EXERCISE DETAILS: The data below should be restated word for word, with every picture omitted.

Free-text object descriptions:
※ ※ ※

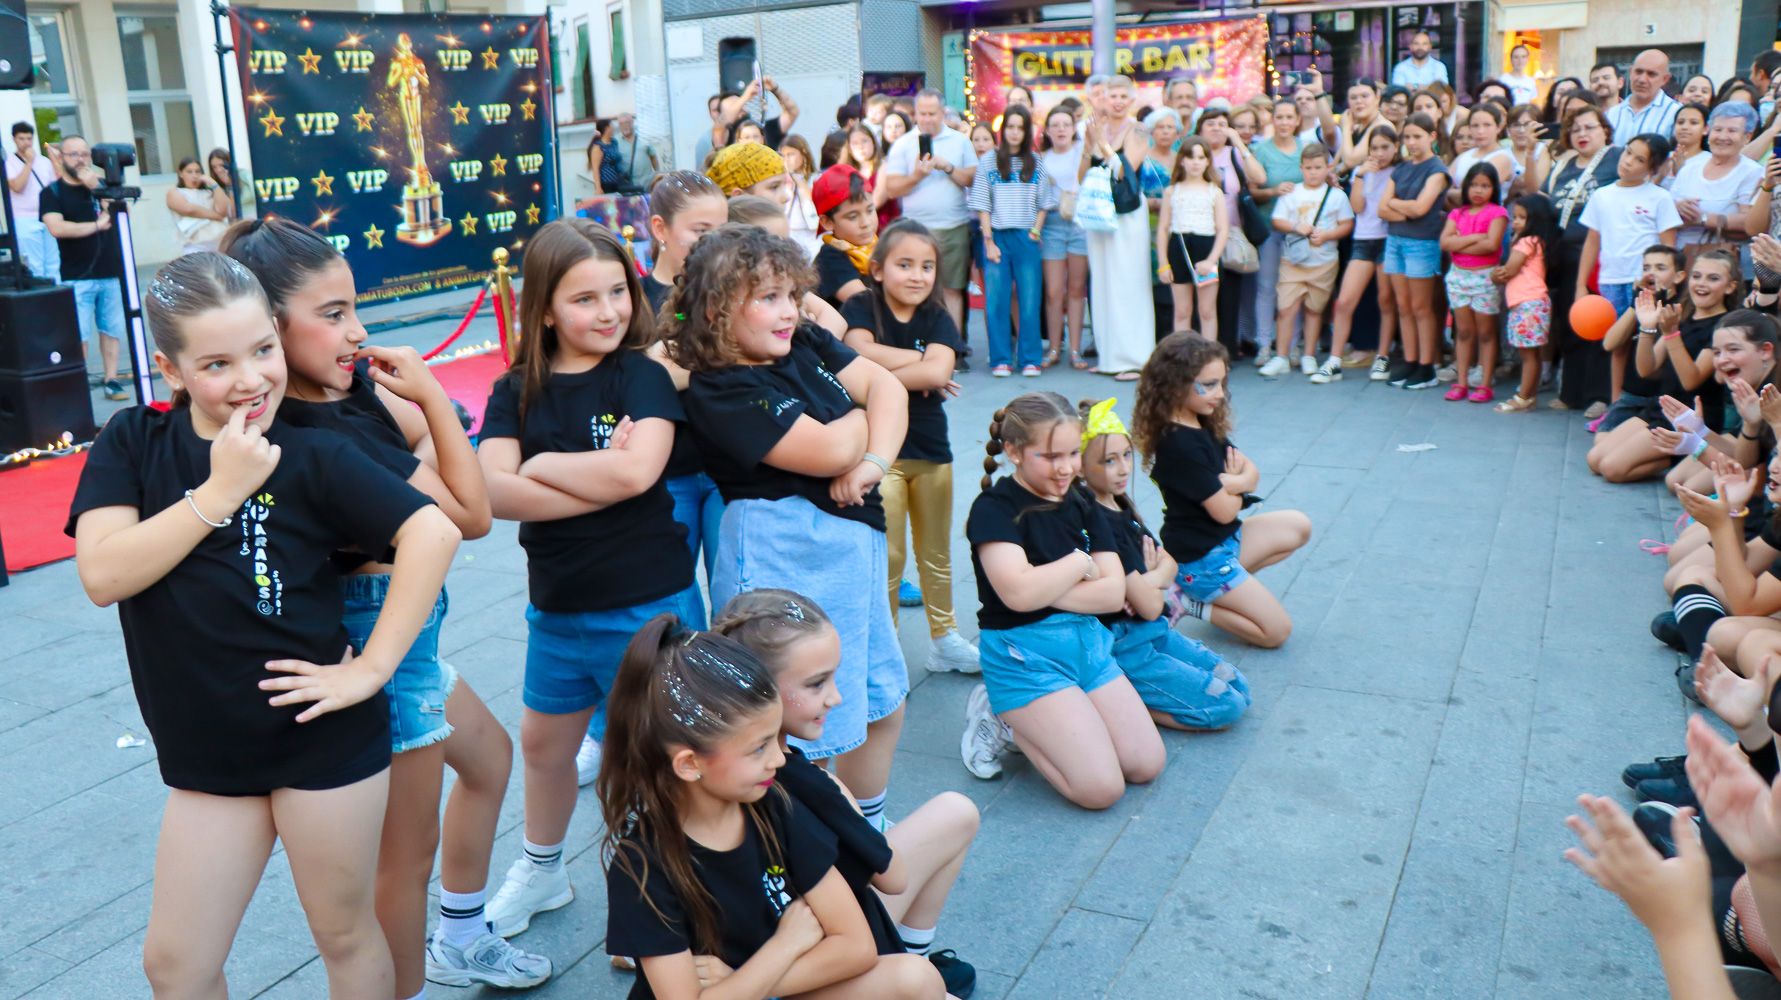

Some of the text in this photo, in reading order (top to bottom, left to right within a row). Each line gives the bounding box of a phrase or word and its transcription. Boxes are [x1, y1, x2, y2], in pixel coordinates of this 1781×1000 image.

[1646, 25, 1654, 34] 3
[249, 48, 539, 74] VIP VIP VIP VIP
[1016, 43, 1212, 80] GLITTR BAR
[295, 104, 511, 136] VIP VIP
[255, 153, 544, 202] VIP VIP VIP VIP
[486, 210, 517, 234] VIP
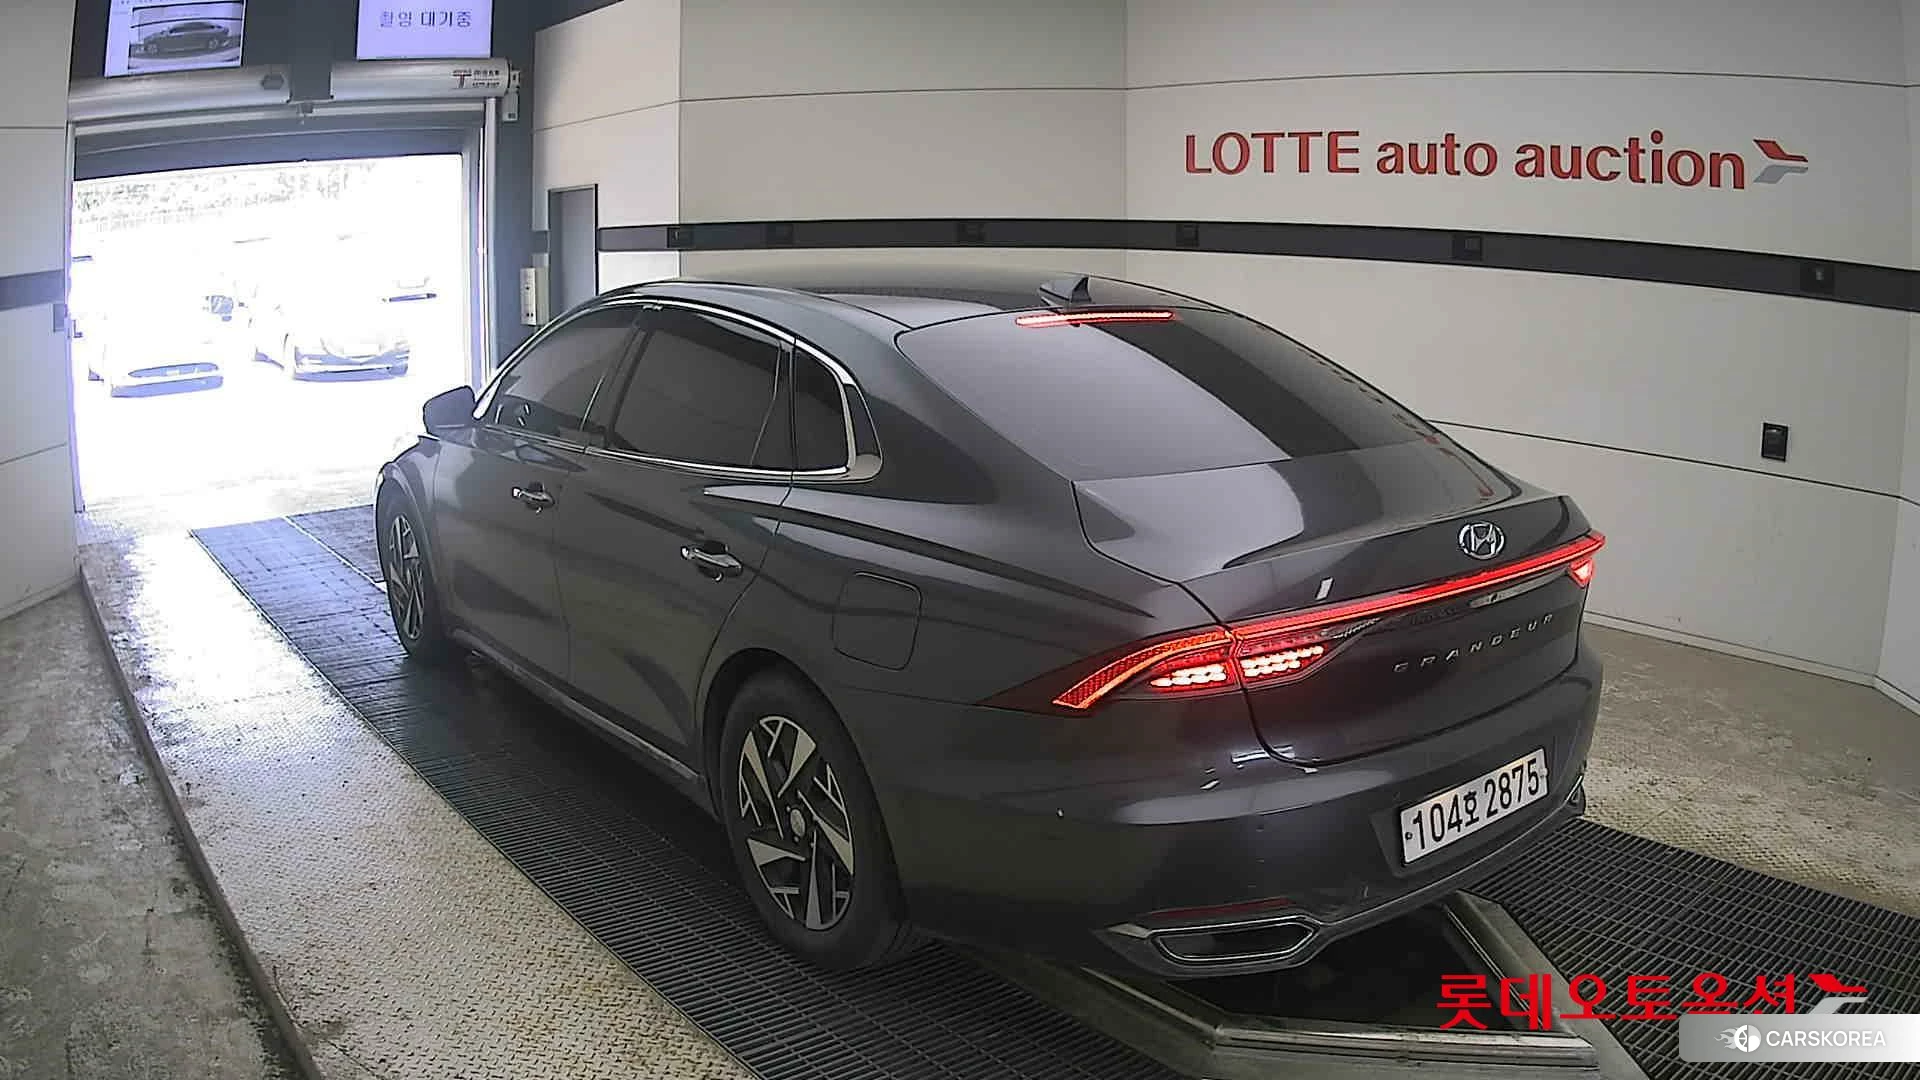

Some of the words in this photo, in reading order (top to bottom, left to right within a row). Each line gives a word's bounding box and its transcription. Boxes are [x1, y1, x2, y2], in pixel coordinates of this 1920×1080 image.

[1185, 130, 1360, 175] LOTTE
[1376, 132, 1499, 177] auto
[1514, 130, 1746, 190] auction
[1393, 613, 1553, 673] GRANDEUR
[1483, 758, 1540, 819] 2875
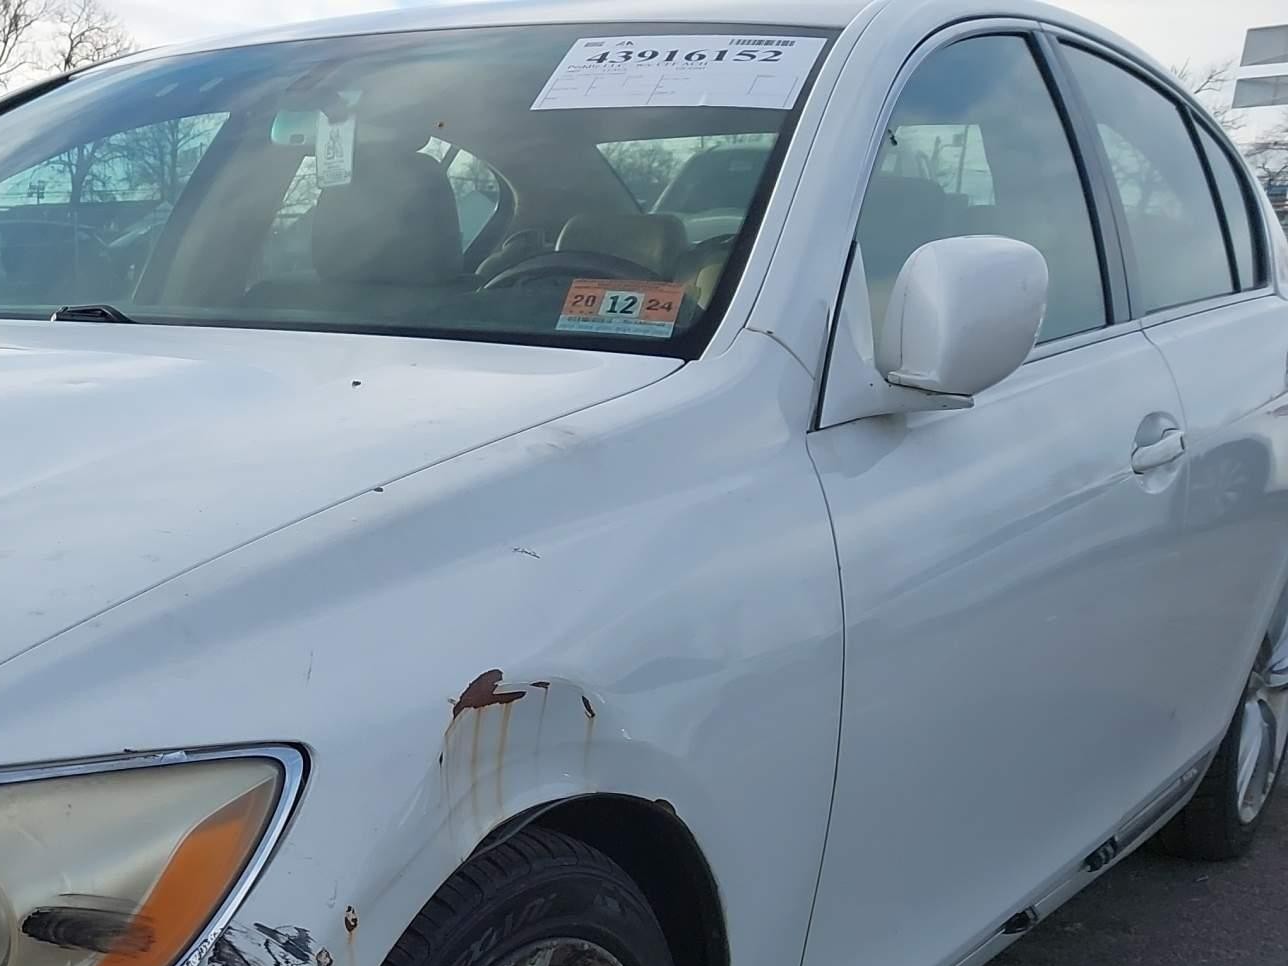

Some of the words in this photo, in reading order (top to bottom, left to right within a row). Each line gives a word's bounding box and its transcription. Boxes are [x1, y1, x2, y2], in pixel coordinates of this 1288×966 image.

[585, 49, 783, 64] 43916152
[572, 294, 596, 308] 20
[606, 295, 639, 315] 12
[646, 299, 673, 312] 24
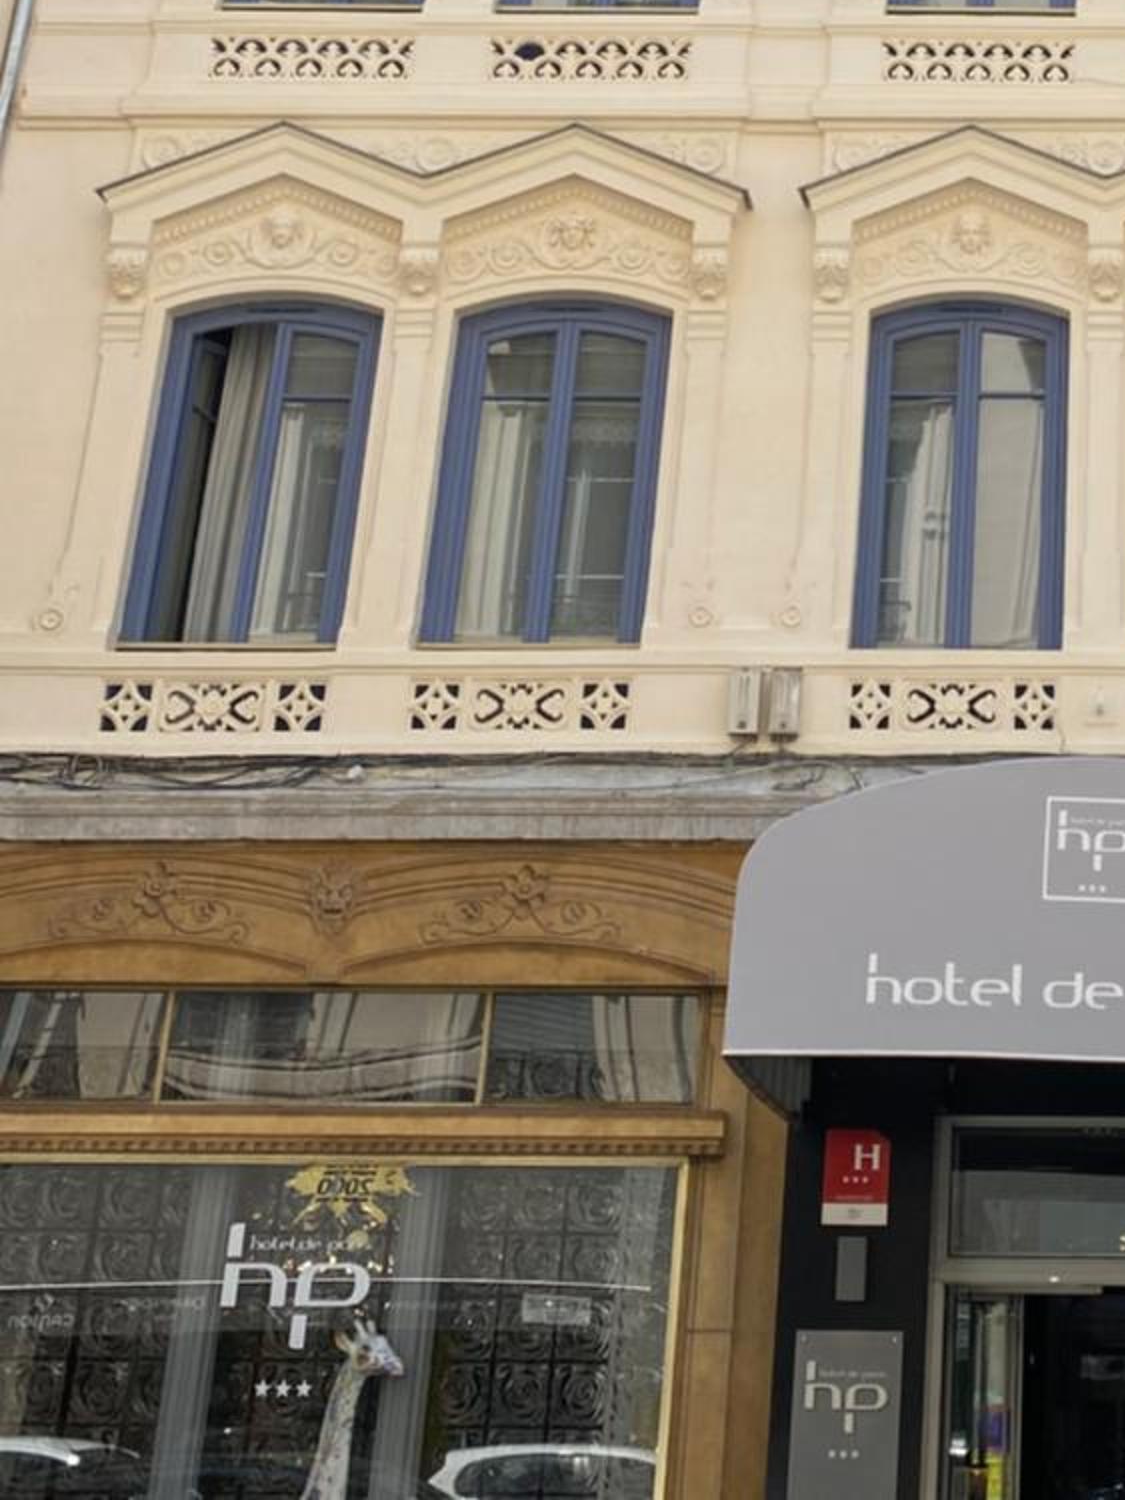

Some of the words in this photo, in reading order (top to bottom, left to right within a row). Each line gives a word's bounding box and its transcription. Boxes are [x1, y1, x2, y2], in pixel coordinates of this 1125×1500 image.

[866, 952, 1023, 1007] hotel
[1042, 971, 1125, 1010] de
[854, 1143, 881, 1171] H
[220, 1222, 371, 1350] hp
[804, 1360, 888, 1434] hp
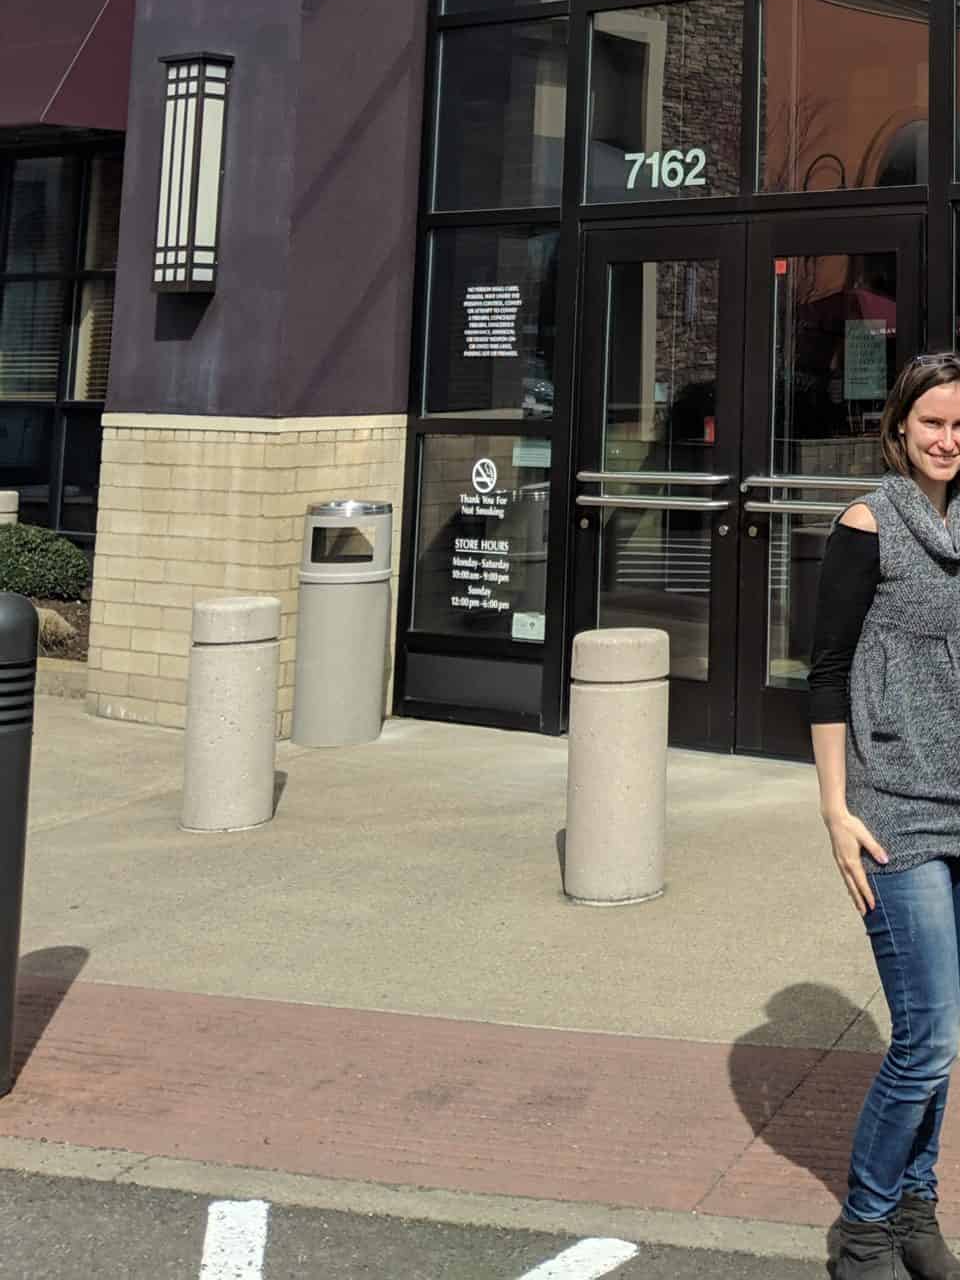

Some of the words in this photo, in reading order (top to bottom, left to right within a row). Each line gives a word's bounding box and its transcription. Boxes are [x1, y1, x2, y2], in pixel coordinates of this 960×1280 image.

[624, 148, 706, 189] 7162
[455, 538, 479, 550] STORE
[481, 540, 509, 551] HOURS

※ ※ ※

THE COMPLETED TASK:
Some of the text in this photo, in reading order (top to bottom, left to right within a row). Each line gives the bounding box of a phrase or word and its transcription. Boxes are [x1, y1, x2, y2], in pixel coordinates of this 1781×1000 image.

[1646, 25, 1654, 34] 3
[249, 48, 539, 74] VIP VIP VIP VIP
[1016, 43, 1212, 80] GLITTR BAR
[295, 104, 511, 136] VIP VIP
[255, 153, 544, 202] VIP VIP VIP VIP
[486, 210, 517, 234] VIP

Some of the words in this photo, in reading order (top to bottom, left to right within a row). Each line gives a word's bounding box and its transcription. Boxes are [x1, y1, x2, y2], in pixel coordinates of this 1920×1080 image.

[1185, 130, 1360, 175] LOTTE
[1376, 132, 1499, 177] auto
[1514, 130, 1746, 190] auction
[1393, 613, 1553, 673] GRANDEUR
[1483, 758, 1540, 819] 2875

Some of the words in this photo, in reading order (top to bottom, left to right within a row). Each line gives a word's bounding box and its transcription. Boxes are [x1, y1, x2, y2], in pixel coordinates of this 1288×966 image.

[585, 49, 783, 64] 43916152
[572, 294, 596, 308] 20
[606, 295, 639, 315] 12
[646, 299, 673, 312] 24

Some of the words in this photo, in reading order (top to bottom, left to right within a row). Each line gives a word's bounding box and its transcription. Boxes are [x1, y1, x2, y2], in pixel coordinates of this 1125×1500 image.

[866, 952, 1023, 1007] hotel
[1042, 971, 1125, 1010] de
[854, 1143, 881, 1171] H
[220, 1222, 371, 1350] hp
[804, 1360, 888, 1434] hp

Some of the words in this photo, in reading order (top to bottom, left to right within a row). Each line gives a word's bounding box and its transcription. Boxes are [x1, y1, x2, y2], in pixel coordinates of this 960×1280 image.

[624, 148, 706, 189] 7162
[455, 538, 479, 550] STORE
[481, 540, 509, 551] HOURS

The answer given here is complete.